You can Blame Us: Frank Lloyd Wright Houses Now Official Buffalo Landmarks
April 14, 2020
The Buffalo Common Council withstood many attempts to landmark Frank Lloyd Wright's Heath House and Davidson House over the last 20 years, but on March 17, 2020, faced with a court order won by The Campaign for Greater Buffalo History, Architecture & Culture, it quietly approved designating both prairie-style houses as City of Buffalo landmarks. They had long been on the National Register of Historic Places—as long as their lack of local recognition was a civic embarrassment.

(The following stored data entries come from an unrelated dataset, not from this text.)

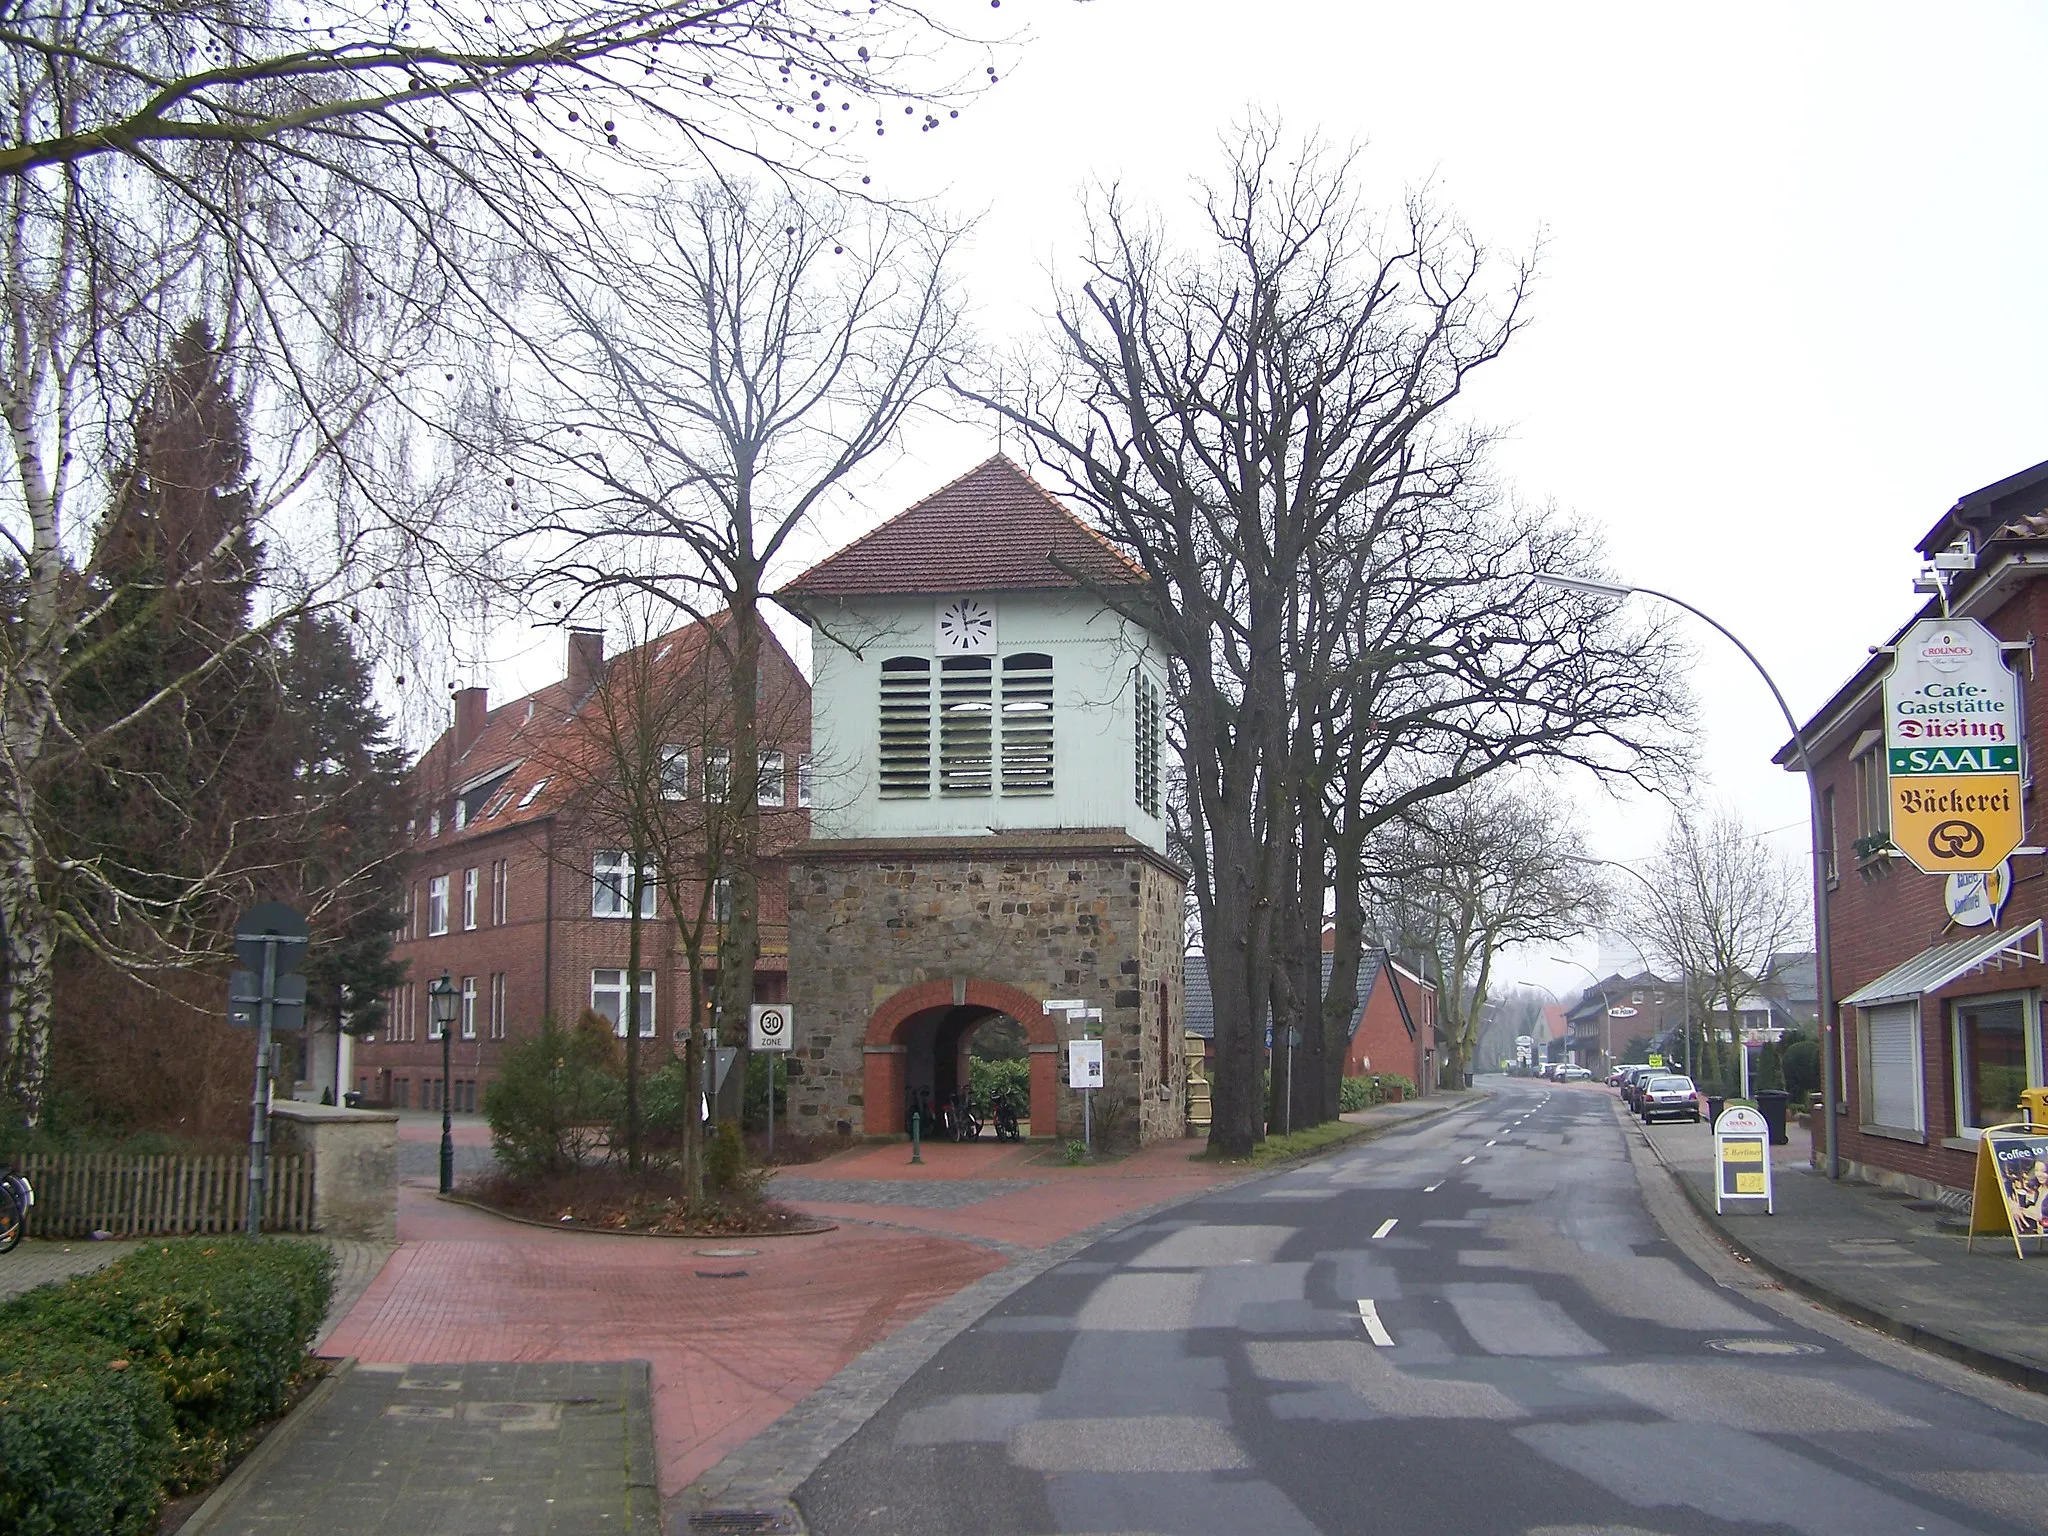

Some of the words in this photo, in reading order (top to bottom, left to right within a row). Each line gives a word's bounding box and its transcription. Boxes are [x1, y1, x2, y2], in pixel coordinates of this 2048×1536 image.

[1928, 647, 1968, 655] ROLINCK
[1924, 682, 1979, 698] Cafe
[1897, 700, 2005, 715] Gaststätte
[1898, 719, 2006, 742] Düsing
[1909, 749, 2001, 772] SAAL
[1900, 788, 2010, 814] Bäckerei
[765, 1016, 779, 1029] 30
[761, 1038, 782, 1046] ZONE
[1999, 1149, 2030, 1160] Coffee
[2032, 1147, 2043, 1156] to

The Campaign mounted several attempts to get them landmarked, but each was thwarted by the evident political power of one of the owners, a host and donor to political and non-profit fundraisers. In the meantime, the houses suffered from uninformed "improvements," including, at the Davidson, hammering textured asphalt shingles through the original slate roof, and discoloring Wright's iconic white stucco walls, first with a "Harvest Gold" color last seen on 1970's refrigerators and now with a gray-brown tone popular at strip malls and investment properties. The Campaign has noted before that these erosions of character are particularly felt due to the northern orientation of both houses, which requires architectural detailing to overcome shadowing and silhouetting effects against a brighter sky.
The Campaign's latest effort began early in 2019, when it took action against the Council for yet again attempting to kill the landmark nominations by receiving and filing them. State Supreme Court Judge Paul Wojtaszek found for The Campaign in July, and handed down the decision and order voiding the Council's action to receive and file the applications on October 11. The Buffalo Corporation Council simply sat on the information and did not forward it to the Council. Finally, on March 3, 2020, Campaign Vice President Dan Sack formally requested that the City Clerk place the matter on the next Council meeting agenda, which was on March 17.

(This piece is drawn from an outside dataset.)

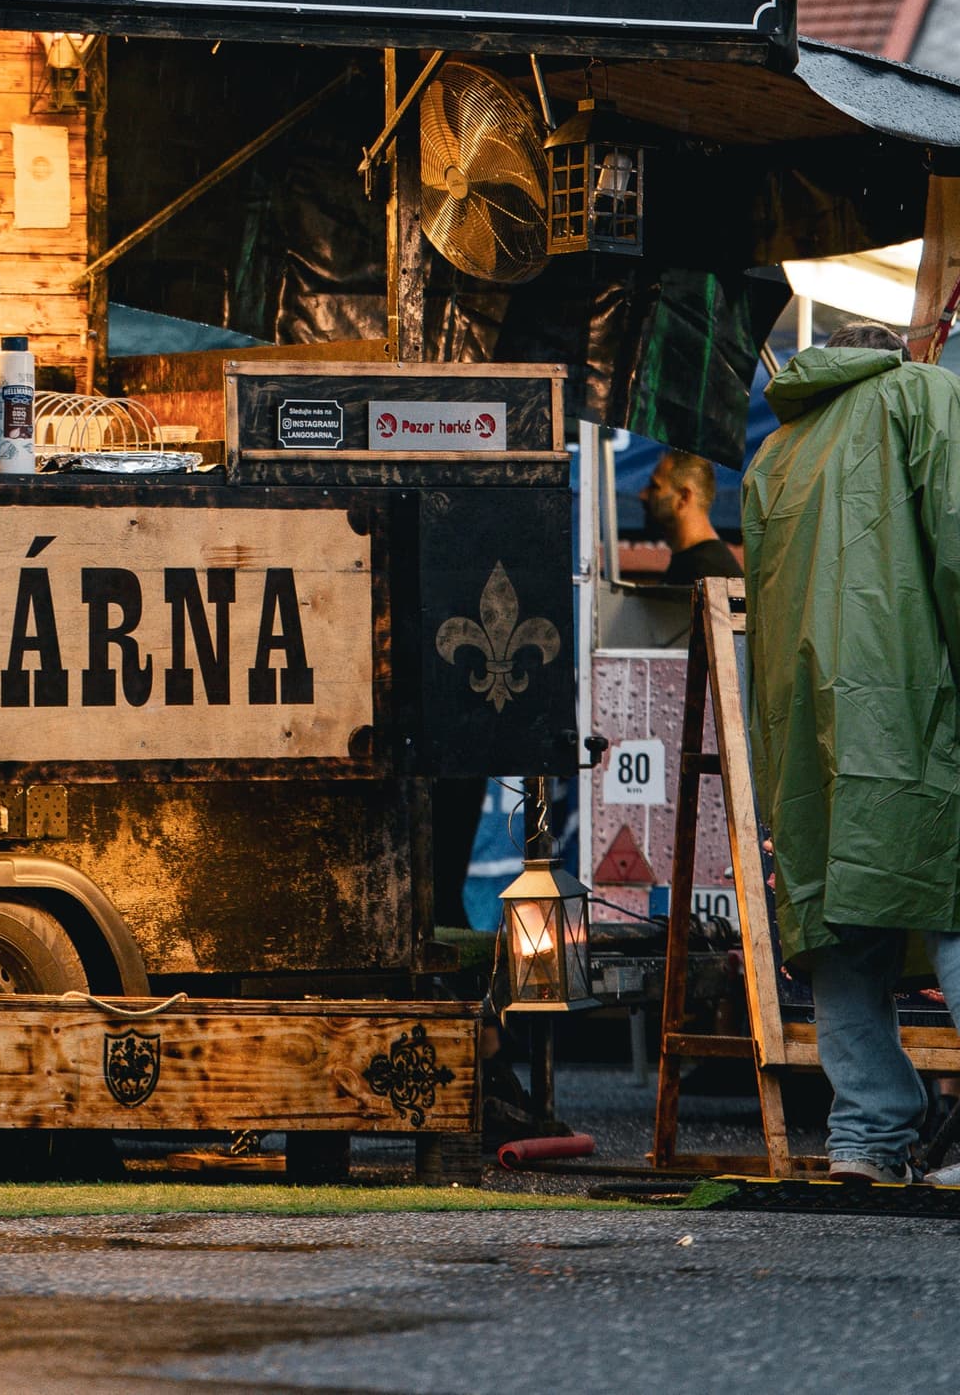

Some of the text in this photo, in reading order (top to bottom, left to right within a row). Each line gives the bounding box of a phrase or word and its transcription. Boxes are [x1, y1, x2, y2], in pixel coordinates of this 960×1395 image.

[292, 420, 339, 429] INSTAGRAMU
[401, 419, 472, 434] Pozor horké
[617, 752, 650, 785] 80
[626, 786, 643, 794] km

The Council approved both nominations at its March 17th meeting. A brass band was not hired to spread the news. Sack found out about it, amidst the tsunami of Coronavirus news and the discontinuation of City Hall public meetings, through a follow-up email request.
"I am glad the anti-social distancing from landmark designation on these spectacular Buffalo cultural inheritances is over," said Campaign Executive Director Tim Tielman. "Now we have to get the Brown Administration to see the light: Remember the Franks House!," referencing the Administration's end-run around the Preservation Board and Common Council to demolish a rare Flemish Revival house on West Utica Street in February.
Richard Lippes, a Campaign board member, filed the lawsuit on behalf of The Campaign in January. "It is good to see our lawsuit come to fruition," said Lippes. "It removes a significant impediment to preserving deserving buildings and giving citizens the protections they thought they had all along."